Segment Start: Record set

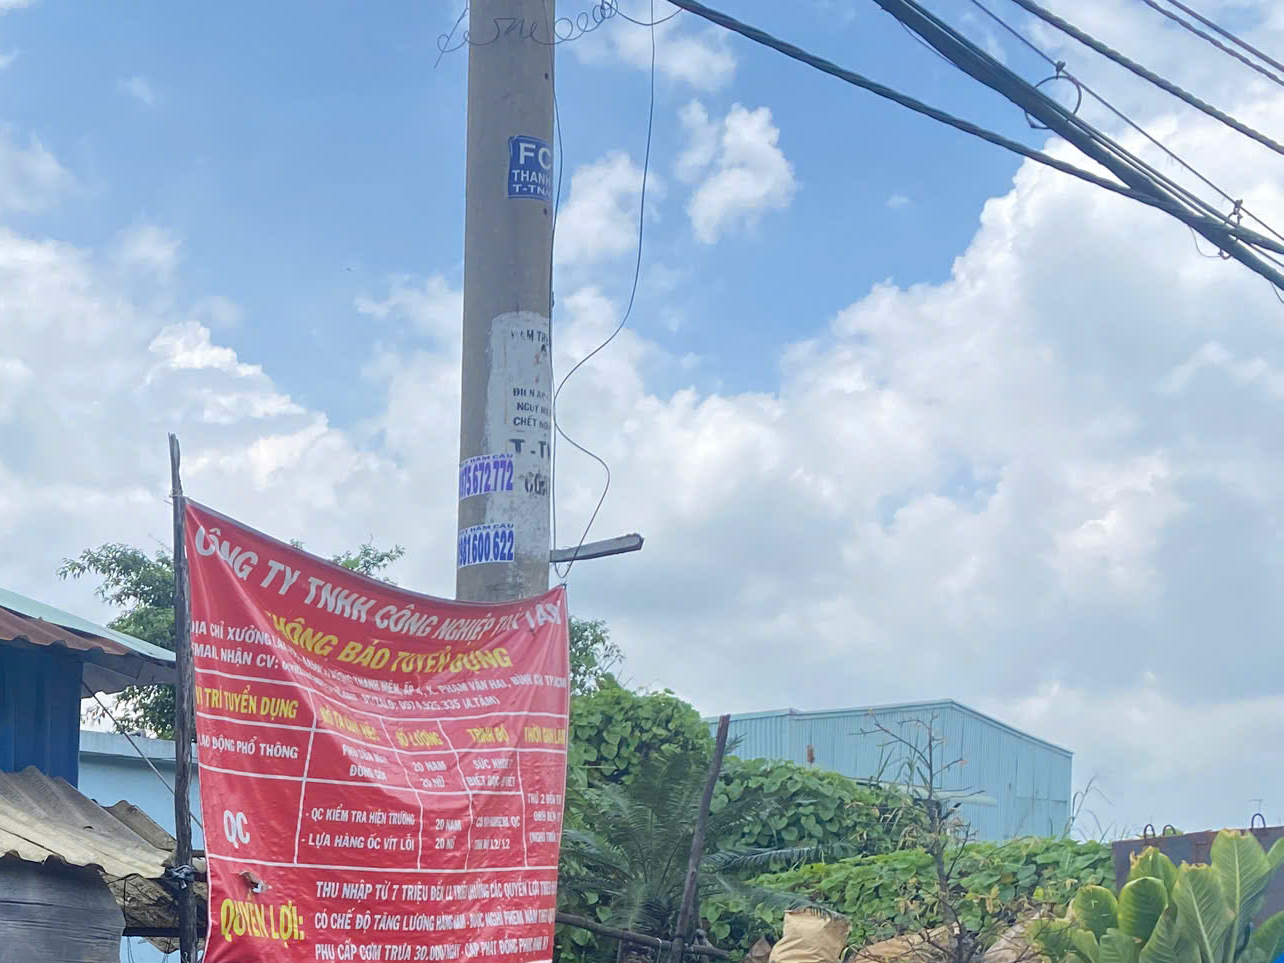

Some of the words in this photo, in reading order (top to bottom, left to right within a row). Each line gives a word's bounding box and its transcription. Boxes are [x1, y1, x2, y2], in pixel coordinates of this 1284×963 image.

[260, 560, 301, 595] TY
[304, 577, 376, 624] TNHH
[375, 604, 438, 637] CÔNG
[431, 612, 496, 645] NGHIỆP
[221, 648, 252, 667] NHẬN
[256, 654, 279, 669] CV:
[337, 639, 390, 669] BÁO
[204, 685, 223, 709] TRÍ
[223, 686, 257, 714] TUYỂN
[260, 697, 298, 720] DỤNG
[212, 734, 235, 752] ĐỘNG
[236, 736, 257, 755] PHỔ
[259, 742, 298, 759] THÔNG
[311, 808, 323, 821] QC
[326, 804, 348, 822] KIỂM
[351, 811, 367, 823] TRA
[435, 819, 444, 830] 20
[224, 810, 250, 848] QC
[308, 832, 331, 848] LỰA
[334, 833, 364, 849] HÀNG
[367, 833, 381, 849] ỐC
[383, 835, 398, 850] VÍT
[400, 834, 414, 850] LỖI
[435, 838, 444, 849] 20
[316, 882, 339, 898] THU
[341, 880, 372, 902] NHẬP
[376, 880, 391, 900] TỪ
[392, 885, 399, 900] 7
[402, 881, 428, 904] TRIỆU
[315, 909, 328, 929] CÓ
[330, 907, 355, 929] CHẾ
[356, 910, 371, 933] ĐỘ
[374, 912, 400, 930] TĂNG
[403, 913, 434, 931] LƯƠNG
[315, 944, 335, 963] PHỤ
[337, 938, 357, 960] CẤP
[359, 942, 382, 961] CƠM
[384, 942, 411, 960] TRƯA
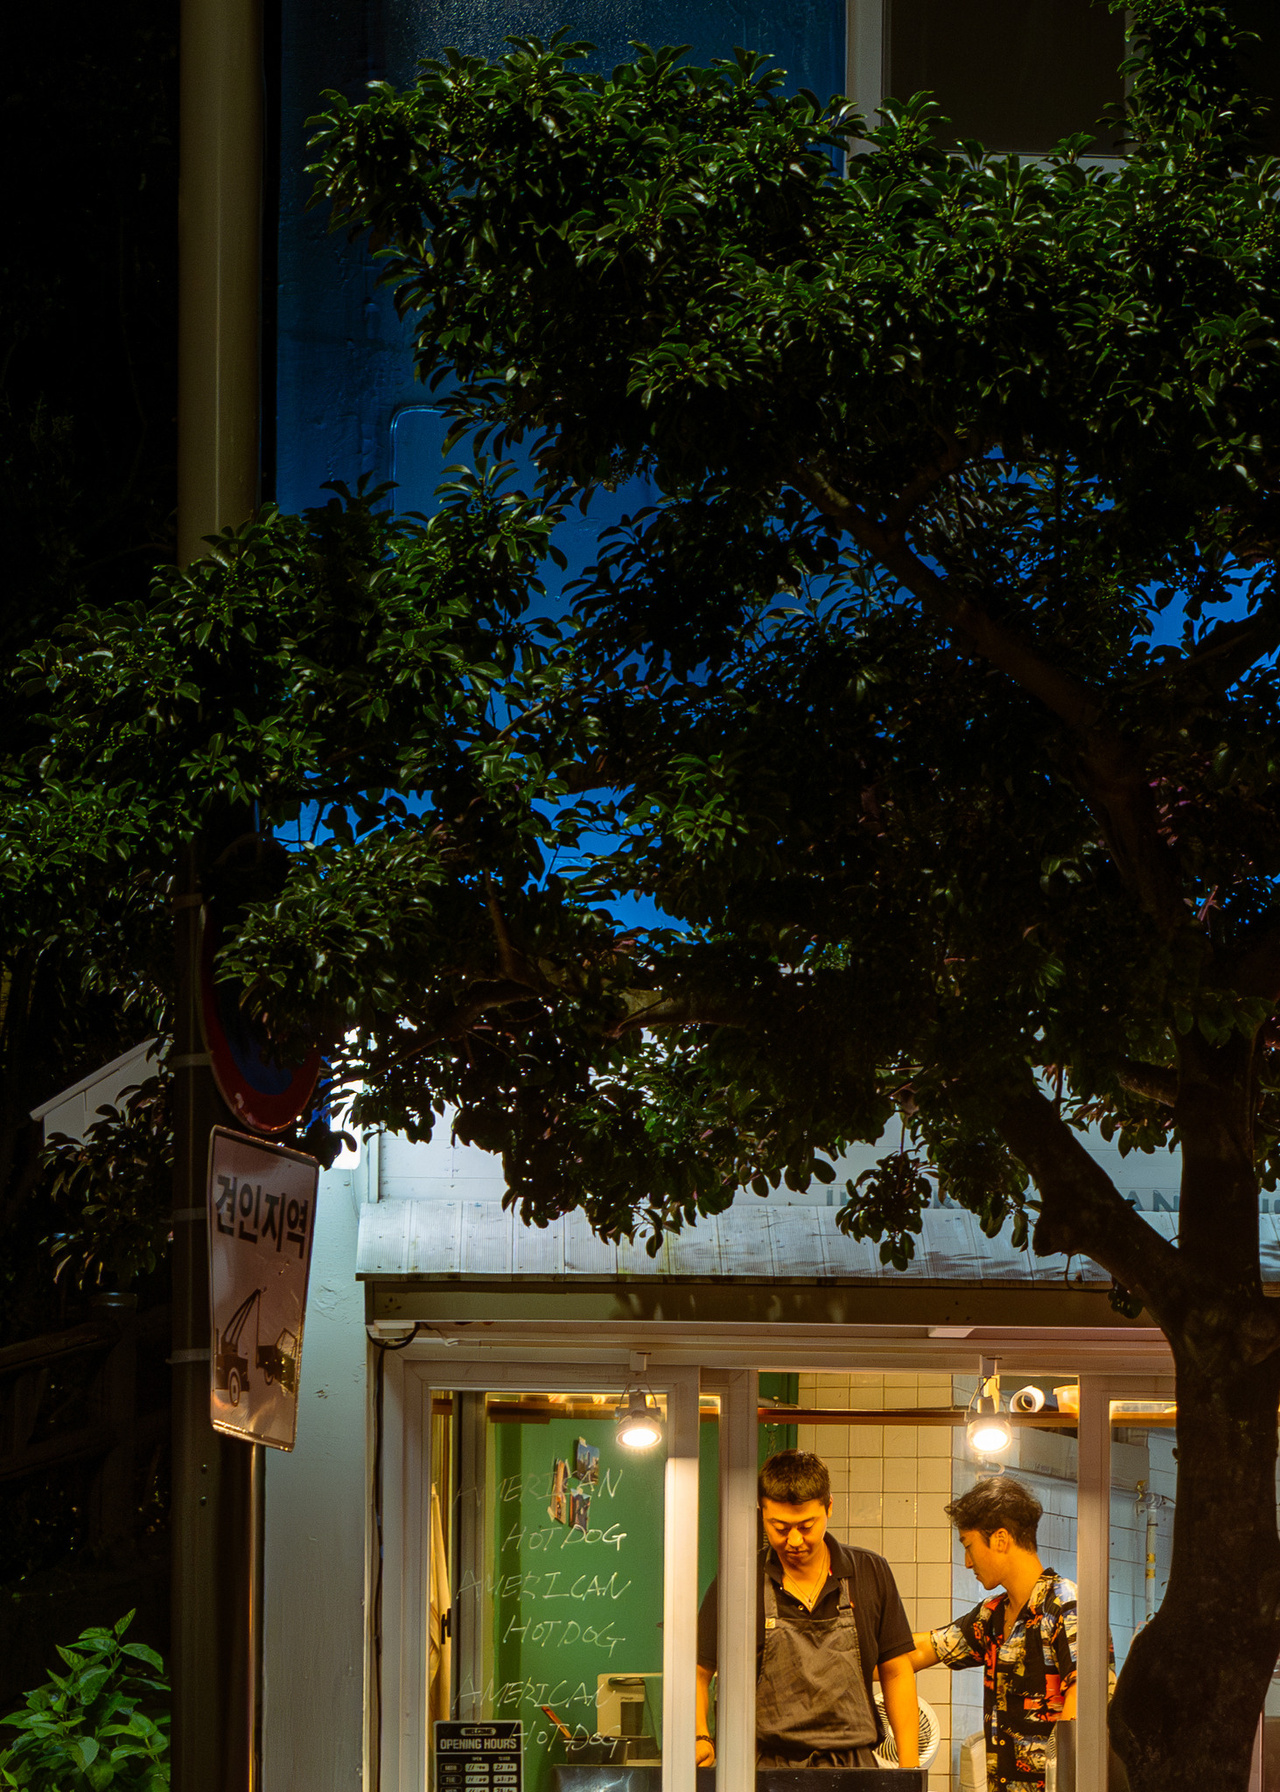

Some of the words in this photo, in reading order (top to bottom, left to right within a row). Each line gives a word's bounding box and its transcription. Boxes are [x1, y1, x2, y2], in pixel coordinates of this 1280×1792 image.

[216, 1175, 308, 1260] 견인지역
[440, 1738, 482, 1750] OPENING
[484, 1738, 517, 1750] HOURS

Segment End: Record set

Please print the entries exactly as they stand. Images are not part of the copy.

Some of the words in this photo, in reading order (top to bottom, left to right within a row). Each line gives a word's bounding box and its transcription. Boxes are [x1, y1, x2, y2], in pixel coordinates of this 1284×963 image.

[260, 560, 301, 595] TY
[304, 577, 376, 624] TNHH
[375, 604, 438, 637] CÔNG
[431, 612, 496, 645] NGHIỆP
[221, 648, 252, 667] NHẬN
[256, 654, 279, 669] CV:
[337, 639, 390, 669] BÁO
[204, 685, 223, 709] TRÍ
[223, 686, 257, 714] TUYỂN
[260, 697, 298, 720] DỤNG
[212, 734, 235, 752] ĐỘNG
[236, 736, 257, 755] PHỔ
[259, 742, 298, 759] THÔNG
[311, 808, 323, 821] QC
[326, 804, 348, 822] KIỂM
[351, 811, 367, 823] TRA
[435, 819, 444, 830] 20
[224, 810, 250, 848] QC
[308, 832, 331, 848] LỰA
[334, 833, 364, 849] HÀNG
[367, 833, 381, 849] ỐC
[383, 835, 398, 850] VÍT
[400, 834, 414, 850] LỖI
[435, 838, 444, 849] 20
[316, 882, 339, 898] THU
[341, 880, 372, 902] NHẬP
[376, 880, 391, 900] TỪ
[392, 885, 399, 900] 7
[402, 881, 428, 904] TRIỆU
[315, 909, 328, 929] CÓ
[330, 907, 355, 929] CHẾ
[356, 910, 371, 933] ĐỘ
[374, 912, 400, 930] TĂNG
[403, 913, 434, 931] LƯƠNG
[315, 944, 335, 963] PHỤ
[337, 938, 357, 960] CẤP
[359, 942, 382, 961] CƠM
[384, 942, 411, 960] TRƯA

Some of the words in this photo, in reading order (top to bottom, left to right within a row). Each line gives a word's bounding box and its transcription. Boxes are [x1, y1, x2, y2], in pixel coordinates of this 1280×1792 image.

[216, 1175, 308, 1260] 견인지역
[440, 1738, 482, 1750] OPENING
[484, 1738, 517, 1750] HOURS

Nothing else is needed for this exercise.